Dataset excerpts:
━━━━

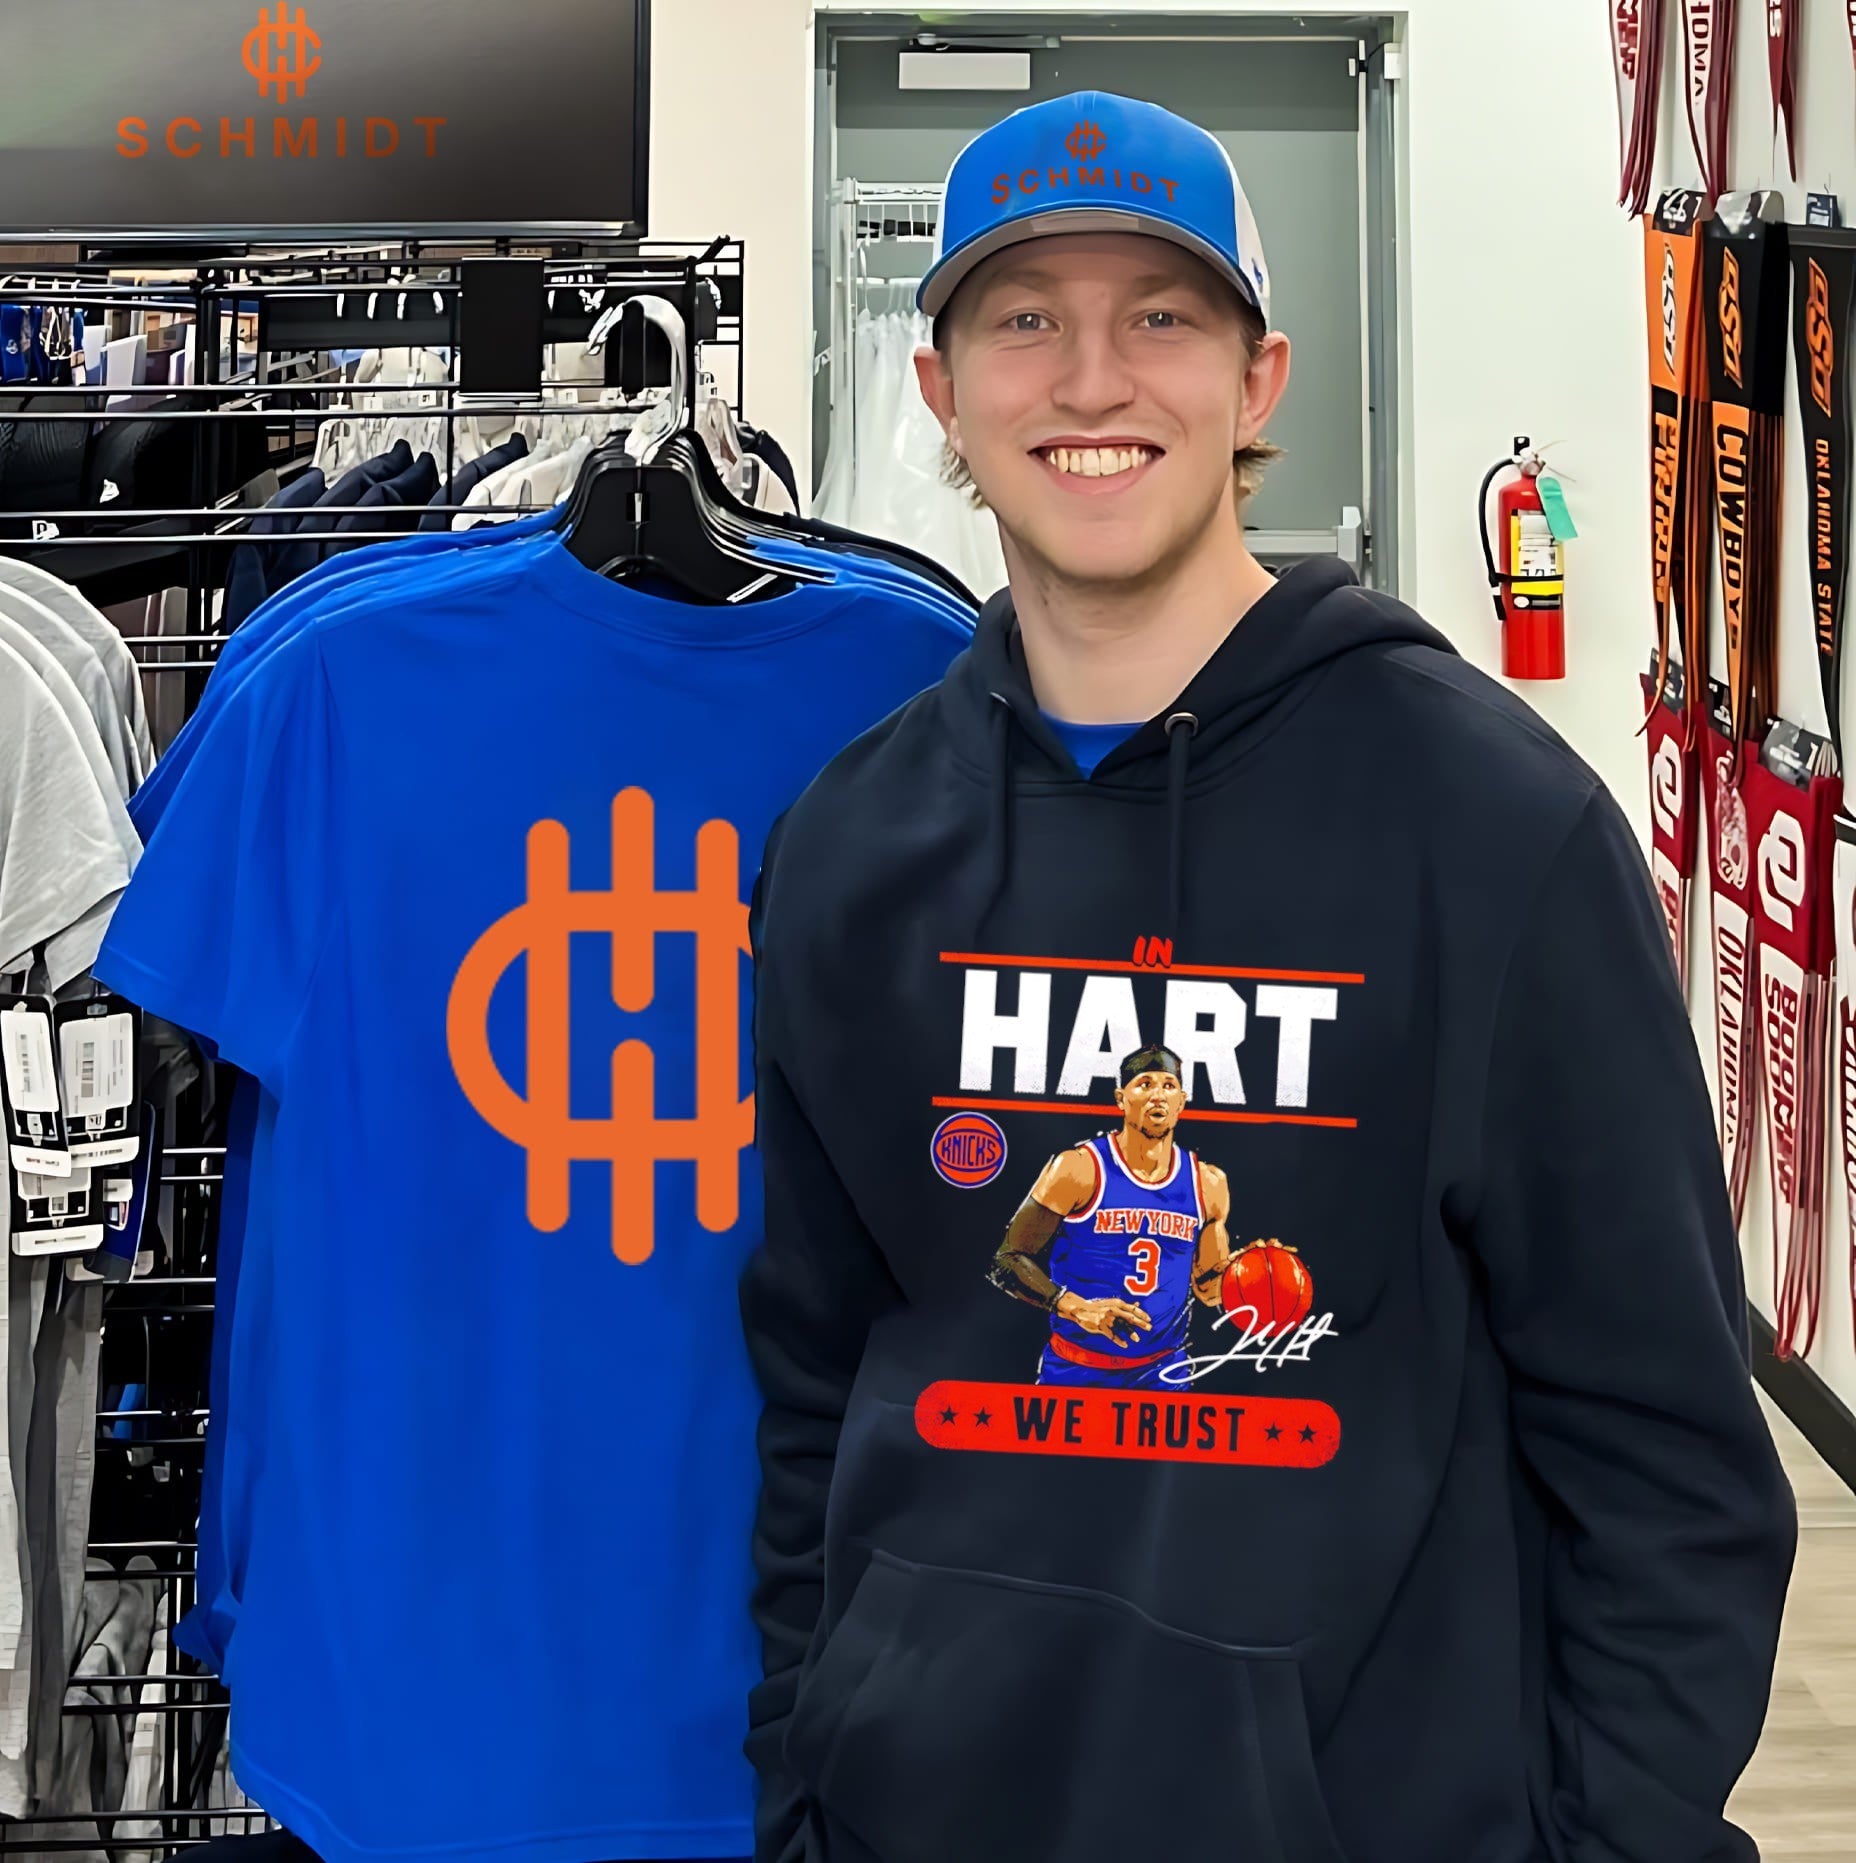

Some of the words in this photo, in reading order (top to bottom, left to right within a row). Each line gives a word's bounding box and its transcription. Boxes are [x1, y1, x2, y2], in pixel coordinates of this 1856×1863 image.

[115, 115, 448, 159] SCHMIDT
[991, 167, 1180, 205] SCHMIDT
[1132, 935, 1175, 968] IN
[959, 969, 1338, 1108] HART
[1718, 926, 1746, 1145] OKLAHOMA
[940, 1131, 998, 1169] KNICKS
[1093, 1208, 1143, 1234] NEW
[1147, 1210, 1198, 1242] YORK
[1123, 1238, 1162, 1297] 3
[1013, 1396, 1084, 1444] WE
[1111, 1401, 1246, 1451] TRUST

━━━━

- **Problem requirements**:
What is needed is a verbatim transcription of the records, minus the pictures.

- **Solution for this problem**:
Some of the words in this photo, in reading order (top to bottom, left to right within a row). Each line gives a word's bounding box and its transcription. Boxes are [x1, y1, x2, y2], in pixel coordinates of this 1856×1863 image.

[115, 115, 448, 159] SCHMIDT
[991, 167, 1180, 205] SCHMIDT
[1132, 935, 1175, 968] IN
[959, 969, 1338, 1108] HART
[1718, 926, 1746, 1145] OKLAHOMA
[940, 1131, 998, 1169] KNICKS
[1093, 1208, 1143, 1234] NEW
[1147, 1210, 1198, 1242] YORK
[1123, 1238, 1162, 1297] 3
[1013, 1396, 1084, 1444] WE
[1111, 1401, 1246, 1451] TRUST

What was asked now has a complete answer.